In full and without alteration, print the records below, minus any images.

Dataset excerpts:

- Opening Delimiter -

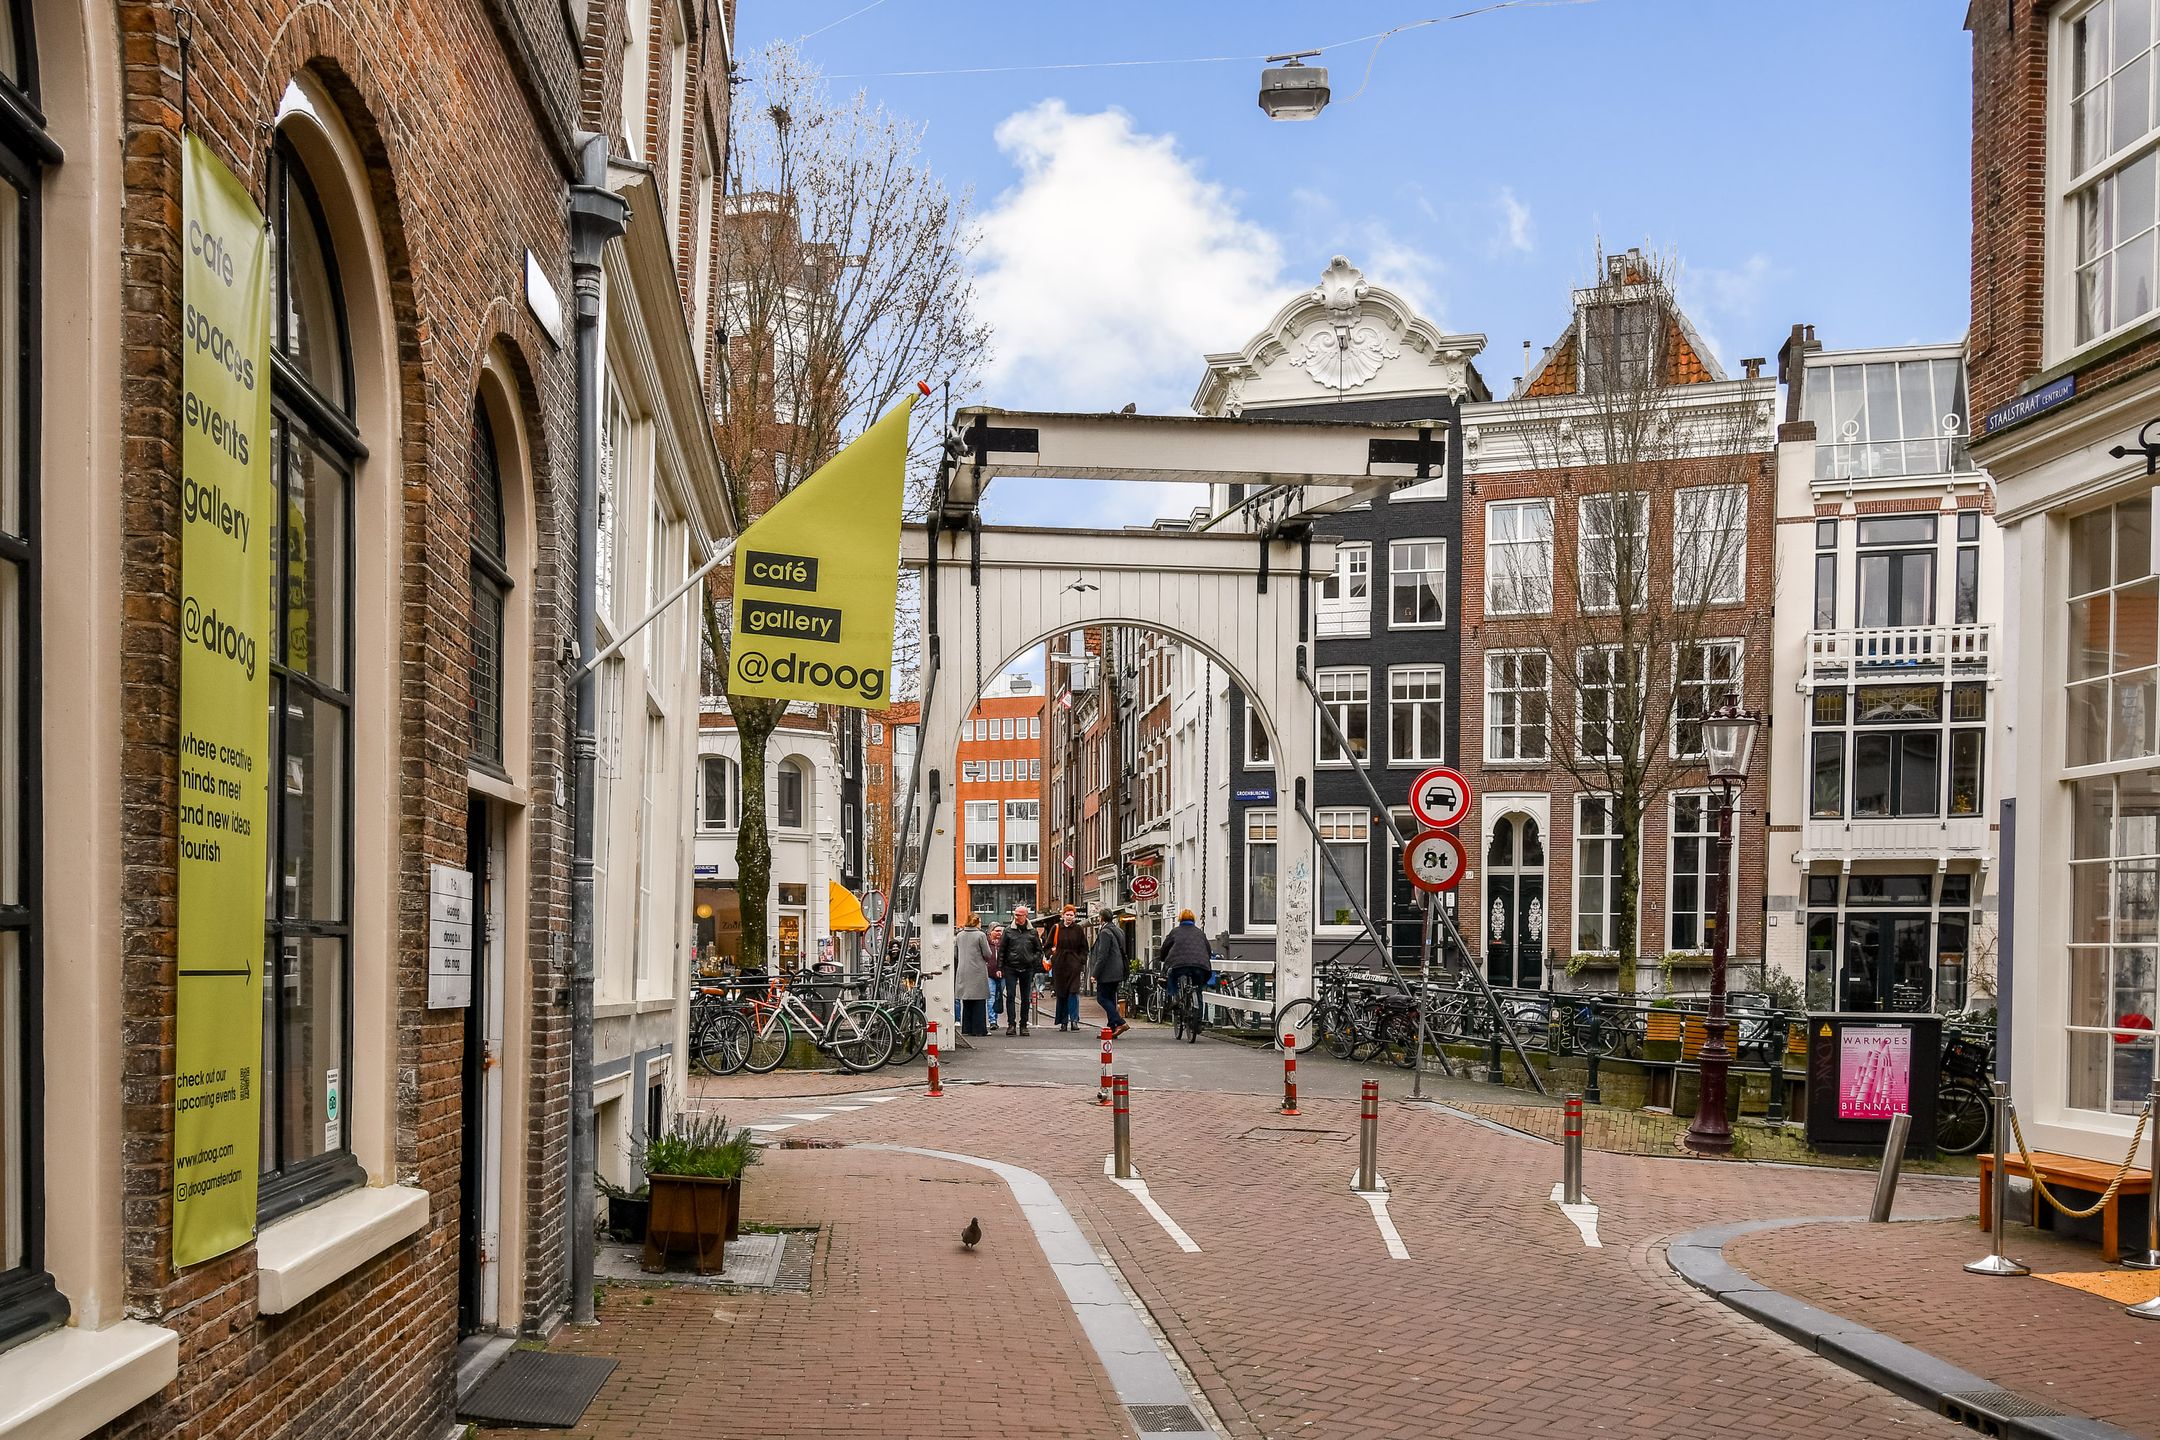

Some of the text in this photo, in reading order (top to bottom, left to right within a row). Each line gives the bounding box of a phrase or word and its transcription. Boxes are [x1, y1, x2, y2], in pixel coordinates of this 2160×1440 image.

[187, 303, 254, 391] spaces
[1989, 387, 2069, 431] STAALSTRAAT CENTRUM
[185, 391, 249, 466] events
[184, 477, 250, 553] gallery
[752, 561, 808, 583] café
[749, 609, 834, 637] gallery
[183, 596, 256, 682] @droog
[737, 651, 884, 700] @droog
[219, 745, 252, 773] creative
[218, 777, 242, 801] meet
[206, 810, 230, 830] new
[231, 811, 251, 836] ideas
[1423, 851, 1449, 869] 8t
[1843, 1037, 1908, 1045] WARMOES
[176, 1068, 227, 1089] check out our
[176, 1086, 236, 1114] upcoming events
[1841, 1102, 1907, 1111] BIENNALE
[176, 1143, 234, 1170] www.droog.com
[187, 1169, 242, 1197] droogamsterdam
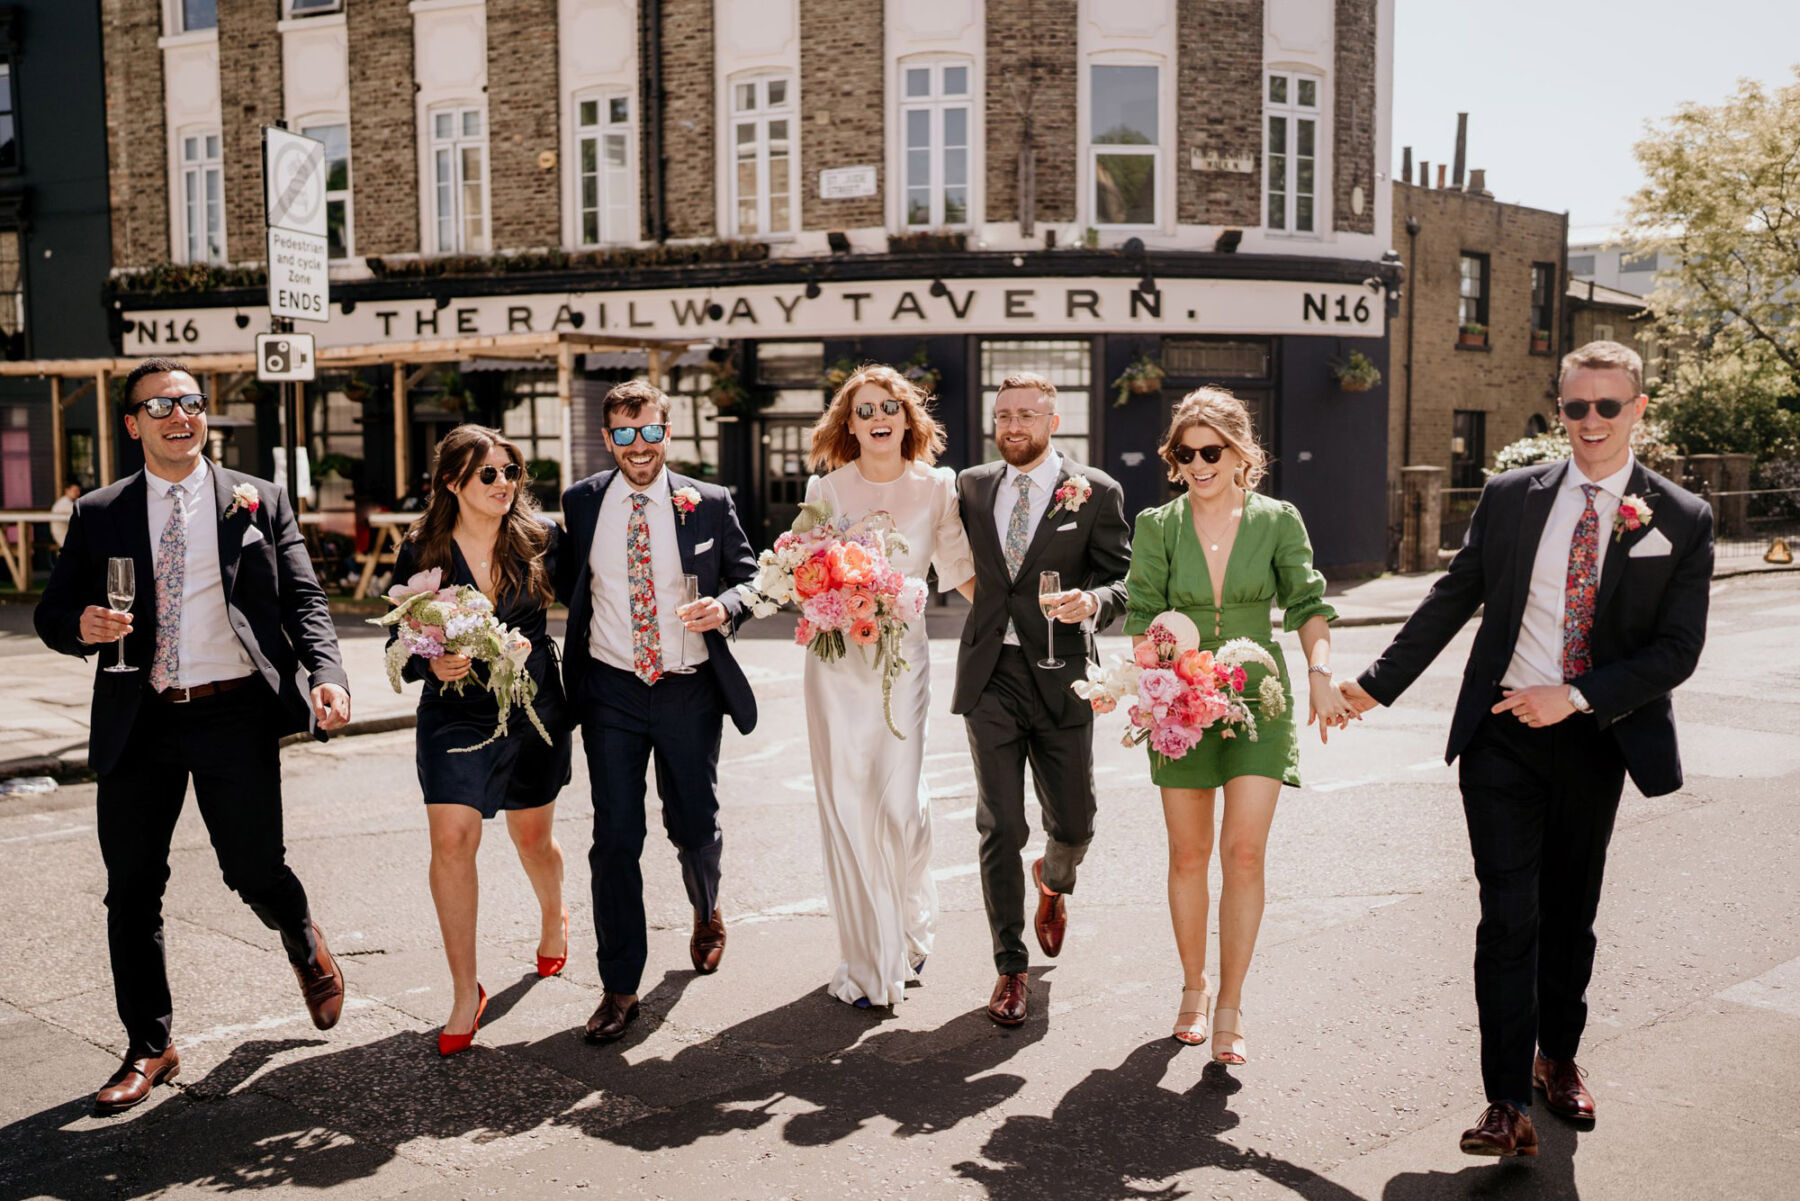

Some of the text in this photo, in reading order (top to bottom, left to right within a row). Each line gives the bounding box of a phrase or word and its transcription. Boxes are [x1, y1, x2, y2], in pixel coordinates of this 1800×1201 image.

- Closing Delimiter -

• TASK RESPONSE
Some of the text in this photo, in reading order (top to bottom, left to right within a row). Each line gives the bounding box of a phrase or word and its transcription. Boxes are [x1, y1, x2, y2], in pixel coordinates of this 2160×1440 image.

[187, 303, 254, 391] spaces
[1989, 387, 2069, 431] STAALSTRAAT CENTRUM
[185, 391, 249, 466] events
[184, 477, 250, 553] gallery
[752, 561, 808, 583] café
[749, 609, 834, 637] gallery
[183, 596, 256, 682] @droog
[737, 651, 884, 700] @droog
[219, 745, 252, 773] creative
[218, 777, 242, 801] meet
[206, 810, 230, 830] new
[231, 811, 251, 836] ideas
[1423, 851, 1449, 869] 8t
[1843, 1037, 1908, 1045] WARMOES
[176, 1068, 227, 1089] check out our
[176, 1086, 236, 1114] upcoming events
[1841, 1102, 1907, 1111] BIENNALE
[176, 1143, 234, 1170] www.droog.com
[187, 1169, 242, 1197] droogamsterdam

Some of the text in this photo, in reading order (top to bottom, left to right within a row). Each line gives the bounding box of a phrase or word and its transcription. Boxes are [x1, y1, x2, y2], in pixel coordinates of this 1800×1201 image.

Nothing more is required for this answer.